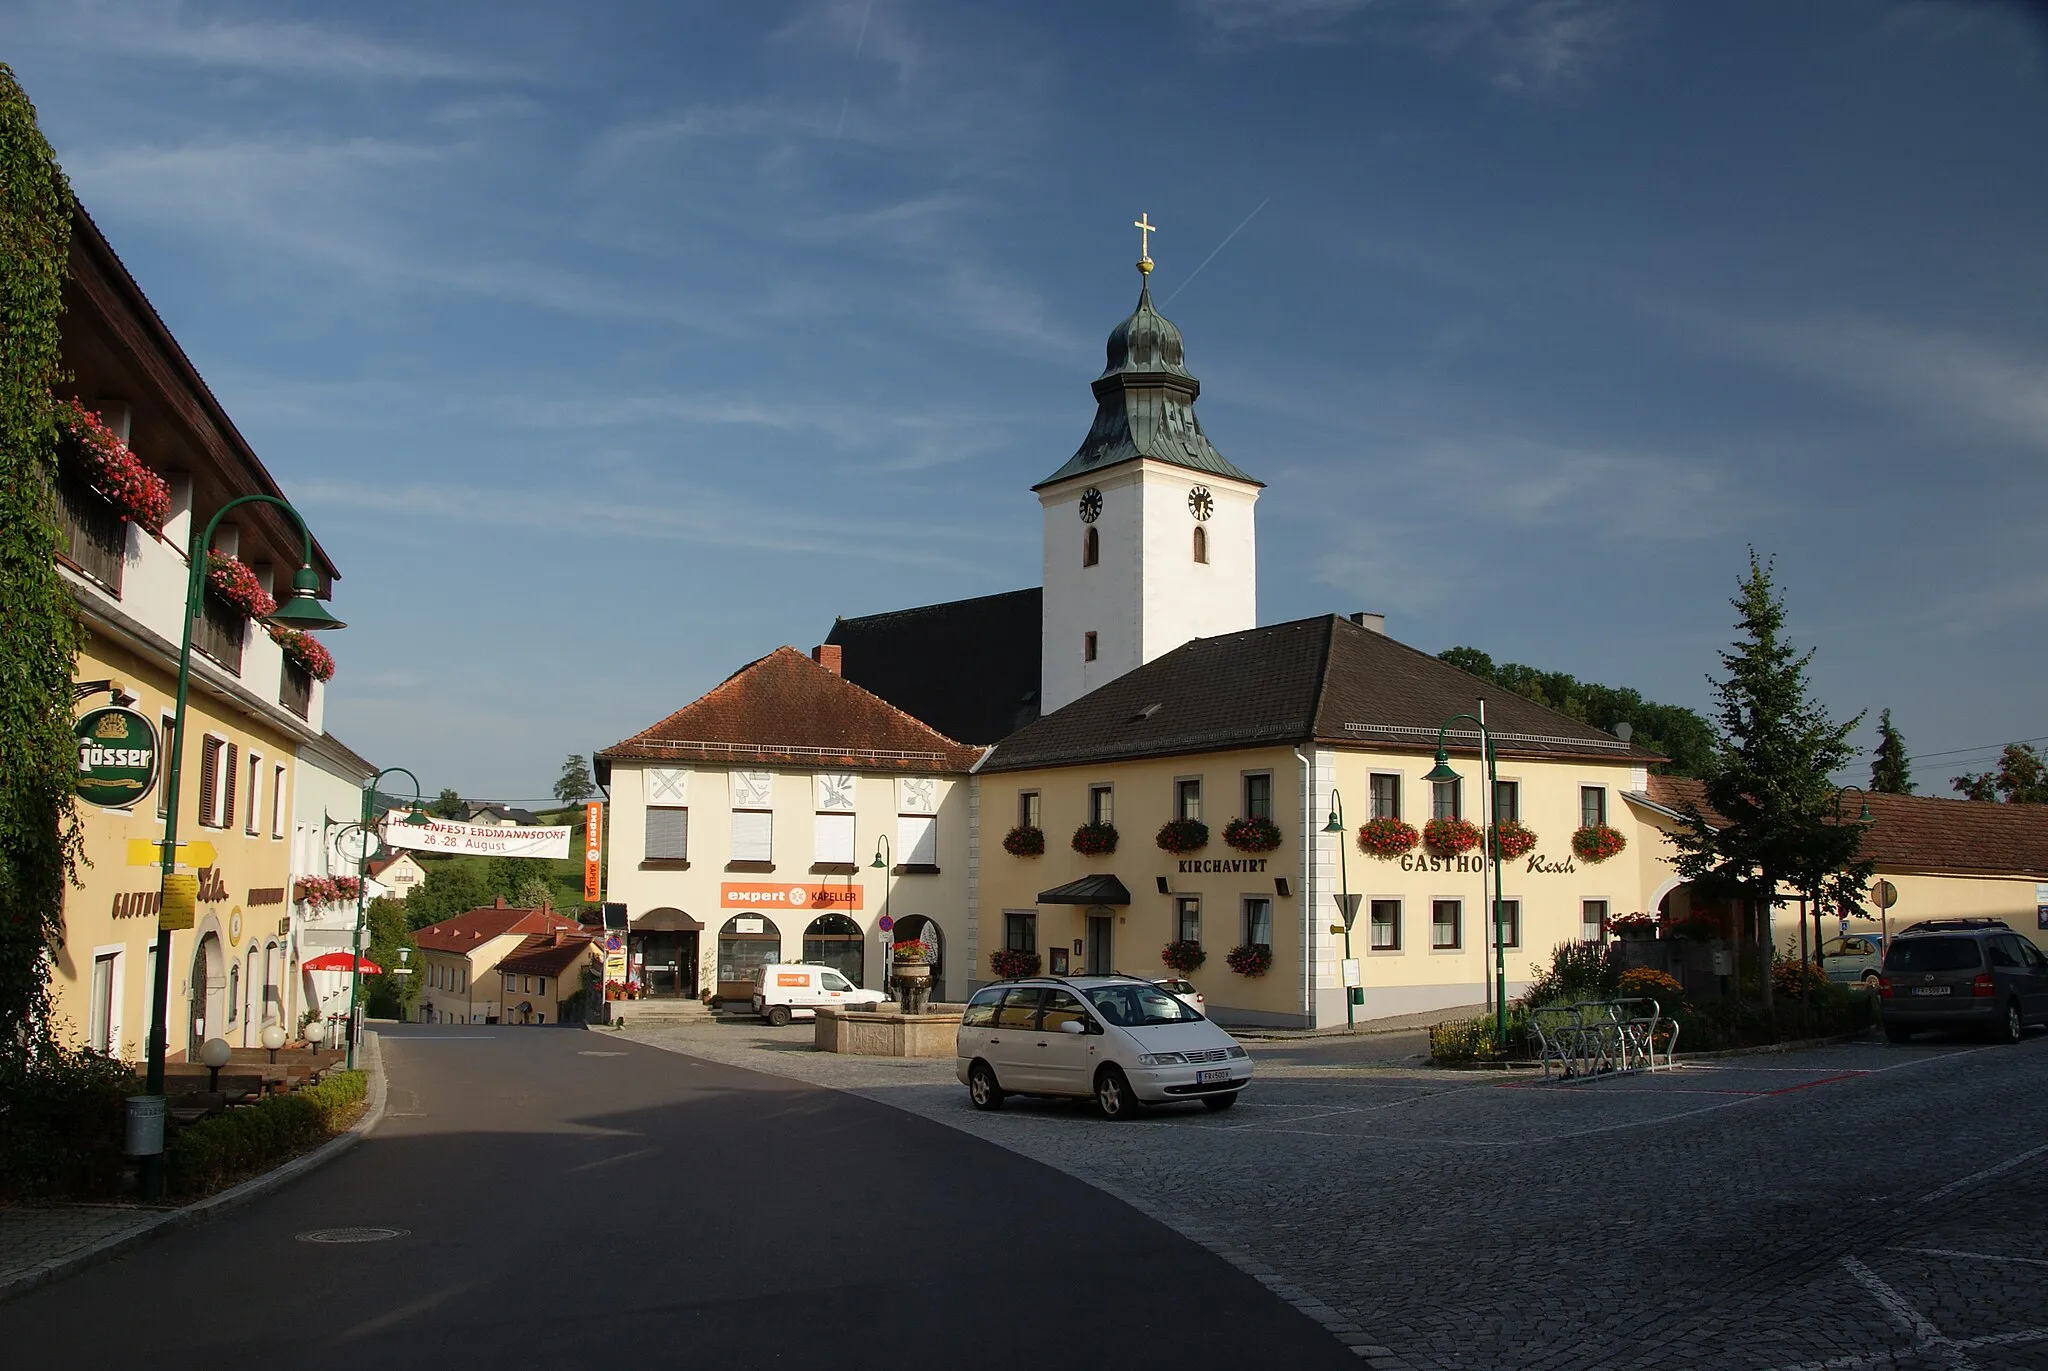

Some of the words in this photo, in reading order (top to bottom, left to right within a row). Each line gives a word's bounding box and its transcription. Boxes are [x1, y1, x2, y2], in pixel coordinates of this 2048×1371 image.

[470, 827, 567, 840] ERDMANNSDORF
[590, 807, 598, 848] expert
[465, 839, 507, 852] August
[1178, 859, 1268, 873] KIRCHAWIRT
[1526, 854, 1577, 874] Resch
[727, 891, 786, 902] expert
[811, 892, 857, 902] KAPELLER
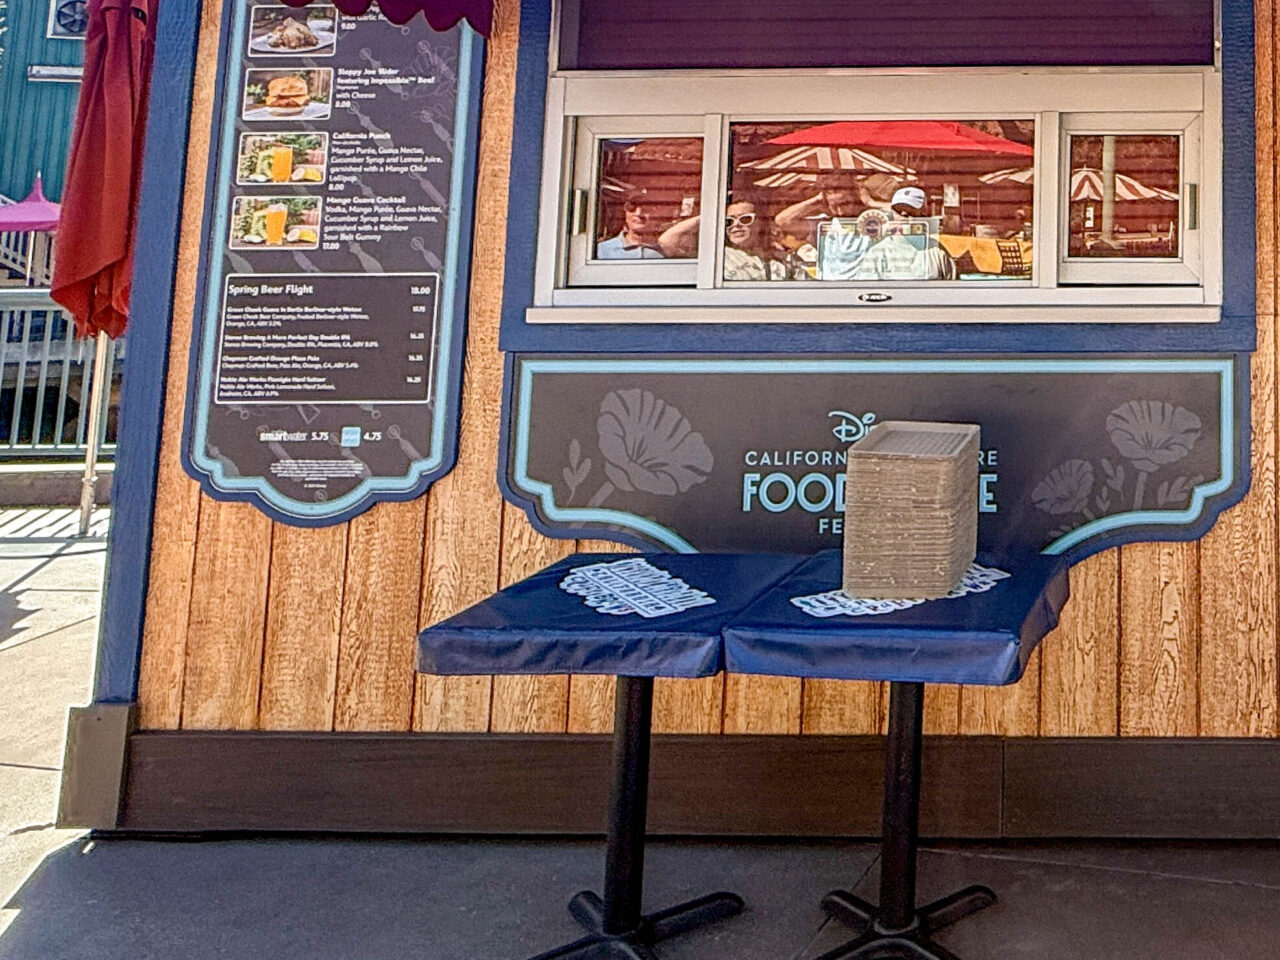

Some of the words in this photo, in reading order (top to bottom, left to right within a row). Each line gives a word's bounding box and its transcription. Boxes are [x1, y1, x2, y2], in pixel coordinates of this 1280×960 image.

* * * *

▶ Work to be completed: Once the pictures are removed, output the entries above exactly as given.

▶ Answer section:
Some of the words in this photo, in reading order (top to bottom, left to right within a row). Each line gives a word's bounding box and its transcription. Boxes are [x1, y1, x2, y2], in pixel coordinates of this 2048×1371 image.

[470, 827, 567, 840] ERDMANNSDORF
[590, 807, 598, 848] expert
[465, 839, 507, 852] August
[1178, 859, 1268, 873] KIRCHAWIRT
[1526, 854, 1577, 874] Resch
[727, 891, 786, 902] expert
[811, 892, 857, 902] KAPELLER

Some of the words in this photo, in reading order (top to bottom, left to right within a row). Each line gives a word's bounding box and its transcription. Boxes are [x1, y1, x2, y2], in pixel coordinates of this 1280×960 image.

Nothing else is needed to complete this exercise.